21. A Viúva Negra
- Tendes a certeza. Porque precisa uma mulher de tantos livros, Helena?
- Para não ser um cepo, Bianca.- Respondi-lhe com simplicidade.- Vê o que eu passo, Sr. Gomes?- Brinquei.
- Não ceda, menina.- Respondeu de ânimo leve.
Após escolher dois novos livros e os da infanta paguei ao senhor e entreguei os livros a Bianca.
- Vá com Deus, menina Helena.
- Adeus, Sr.
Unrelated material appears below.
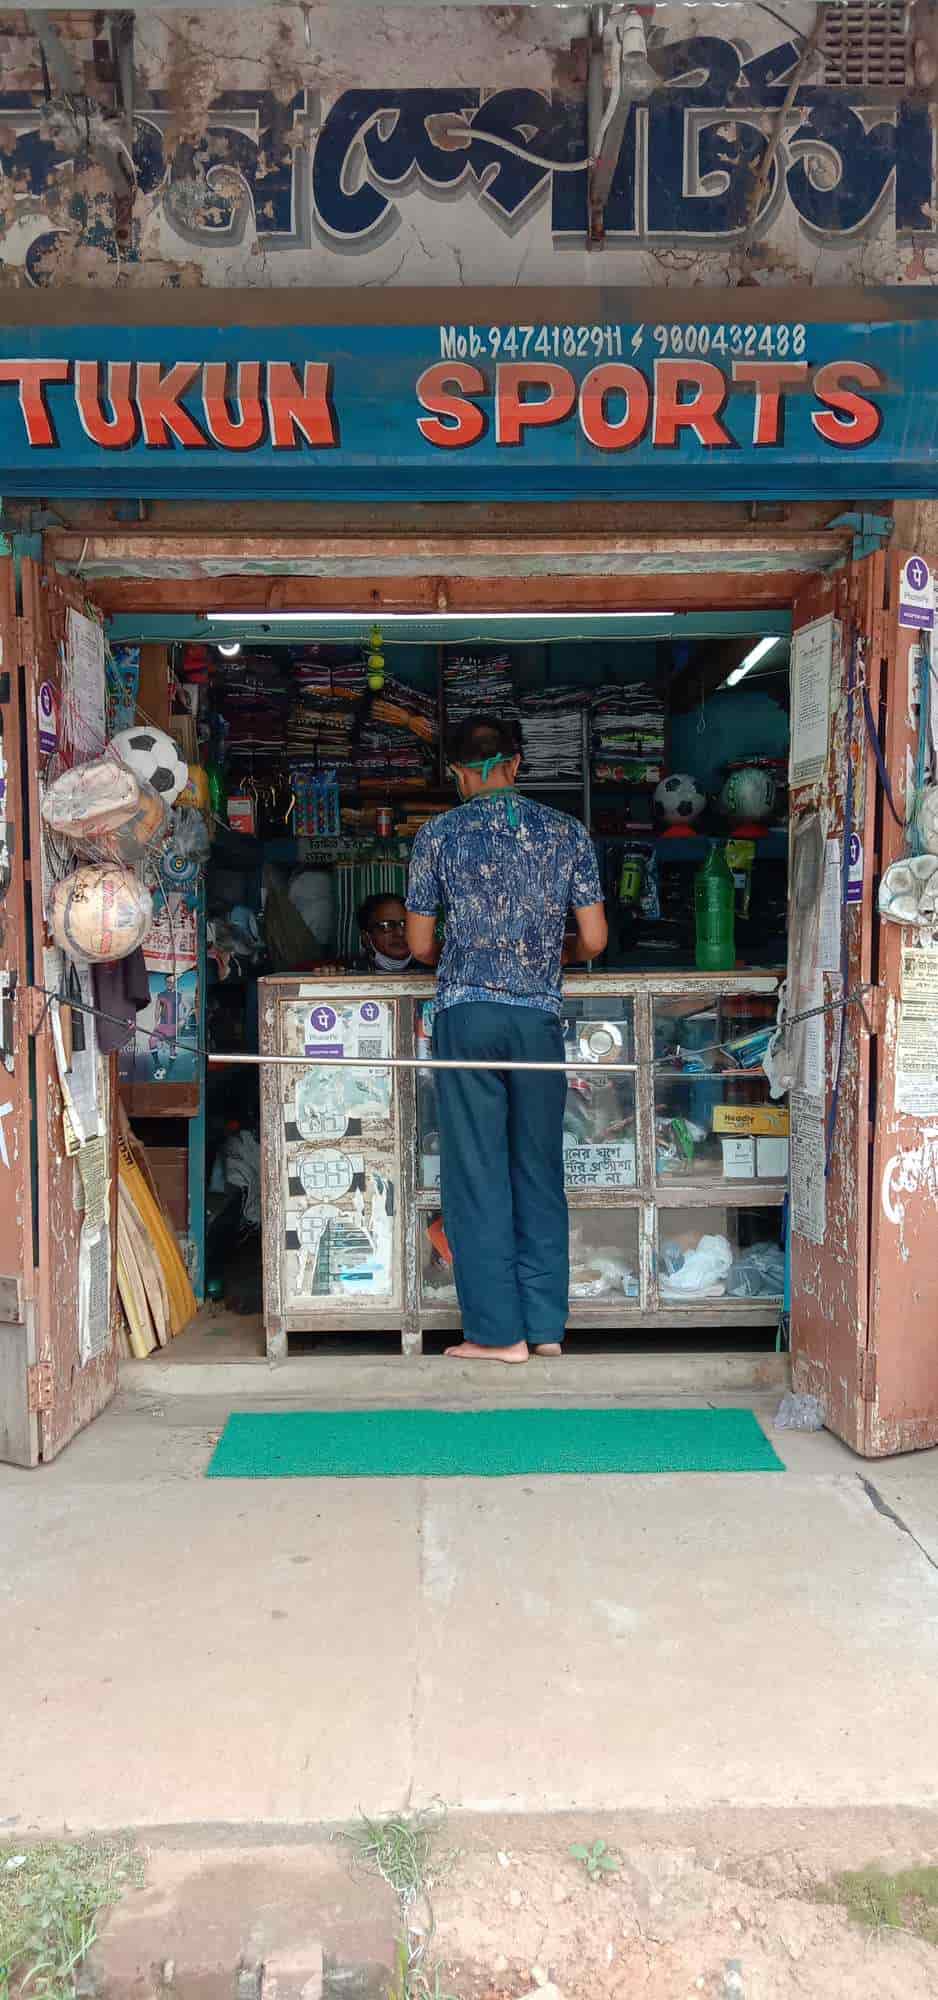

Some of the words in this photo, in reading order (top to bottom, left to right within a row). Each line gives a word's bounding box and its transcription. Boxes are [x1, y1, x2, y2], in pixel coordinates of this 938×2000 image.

[653, 323, 806, 358] 9800432488
[0, 358, 337, 450] TUKUN
[415, 358, 882, 450] SPORTS
Gomes.
Na rua estava frio. O povo já andava para cá e para lá esbaforido, cumprindo a rotina do dia a dia.
A pouca chuva de ontem à tarde foi o suficiente para encher as ruas de lama e mais coisas que nem é bom saber o que é.
- Cuidado!- Fui empurrada para o passeio de forma bruta.
- Ei!- Abri os olhos e soltei-me daquele aperto inapropriado.
Hum... Tinha um cheiro agradável.
- Para a próxima deixar-vos-ei debaixo da carruagem.- Ralhou.
Que arrogante este embaixador!
- E devia agradecer-vos por me arremessares contra uma parede e por me tocares sem autorização?!- Indignei-me.- Não permiti essa aproximação, senhor!
Era ruivo. Um laranja escuro tomava os seus cabelos, em parte apanhados, como D. Francisco usava por vezes. Fica ainda mais bonito sem aquela peruca ridícula.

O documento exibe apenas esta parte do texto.